# Your spouse cheated, What can you do about the images?



## Geoffrey Marsh (Aug 11, 2011)

When I learned about my spouses affair I nearly lost my mind. I was shattered emotionally and physically. My mind was going a thousand miles an hour in every direction, with no way to stop it. I was holding onto the grass to keep myself from spinning off the earth entirely. The thought’s of them having sex polluted my mind on a near constant basis. I had to get control of this, but how? 

_Lesson from my childhood_

I am a night-owl, always have been, as far back as I can remember. It was rare during my childhood for me (at least during summer break) too be in bed before midnight. I would stay up and watch movies and on occasion a scary movie would make its way from the screen to my minds eye. Consequently, the images of vampires, monsters and ghost running through my head would make it very hard to go to sleep. The only defense I knew to work against such images was to stay up extra late and watch a little of “The Three Stooges.” Replacing the images of the vampires, monsters and ghost with images of Moe, Larry and Curly proved to be most effective. I was always able to go to sleep with a smile on my face. 

*You Must Redirect Your Thoughts*

You will continue to be plagued with thoughts of your spouses acts of infidelity until you get a handle on the situation. I got a grip on my particular situation in much the same way as I did when I was a child. It worked for me, it can work for you. Here are a few steps you can take to get you pointed in the right direction:


*Step 1: Have a “go-to” thought*
Having personally dealt with the same types of images that are currently locked inside your mind, I know that sometimes they just come, like a thief in the night, without warning or provocation. Early on it’s like that, so you will have to be on your toes and prepared at nearly any moment to shift your thoughts. Have something that you can grab onto at a moments notice. A book, a letter from an old friend, a locket from your grandmother, anything with a specific memory attached to it that will divert your mind away from the thoughts of them having sex. I carried a bible with me wherever I went and I had a “go-to” passage that I would read. Remember it is very early on and we are just trying to survive at this point.
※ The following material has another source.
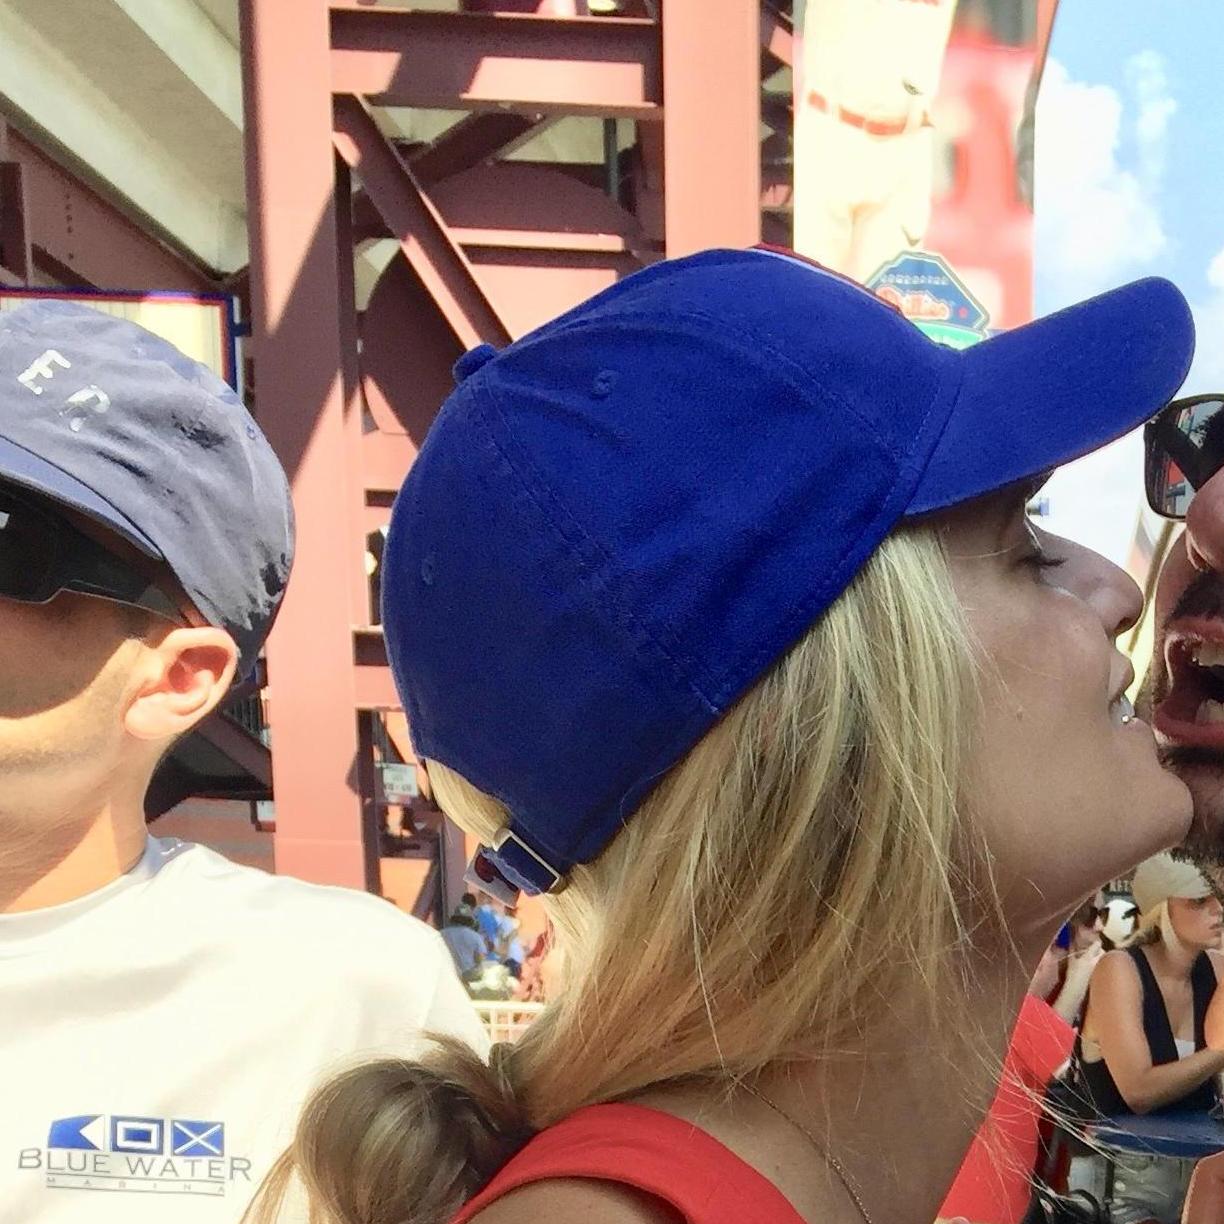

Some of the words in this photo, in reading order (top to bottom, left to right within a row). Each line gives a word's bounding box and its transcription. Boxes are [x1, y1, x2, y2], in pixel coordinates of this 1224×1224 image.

*Step 2: Identify the triggers*
When I was going through the trauma of my spouse’s affair there was a very popular song on the radio that sunk my mind into the thoughts of the betrayal. Since this song was so darn popular, it was nearly impossible to avoid. I had to make some changes. The radio was not turned to music channels, the T.V. was blocked from any music channels, I even went as far as to avoid music stores just incase I happened upon the CD. Drastic? Maybe, but it paid dividends to my happiness and overall emotional stability.

*Step 3: Think Long Term*
Every time you defeat the thoughts, every time you divert your mind away, every time you WIN…you are one step closer to coming to terms with the images. Eventually the thoughts will dwindle away to nothing of consequence. I am ten years removed from the day I found out about my spouse affair. I can testify that I would have to work really hard to even get one of those nasty thoughts into my mind again. Just incase you where wondering…the song from earlier has no power to conjure anything in me. Remember to remain focused on the long term goal, your health and happiness. Keep winning the little short term battles inside your minds eye and in the long run you will win completely.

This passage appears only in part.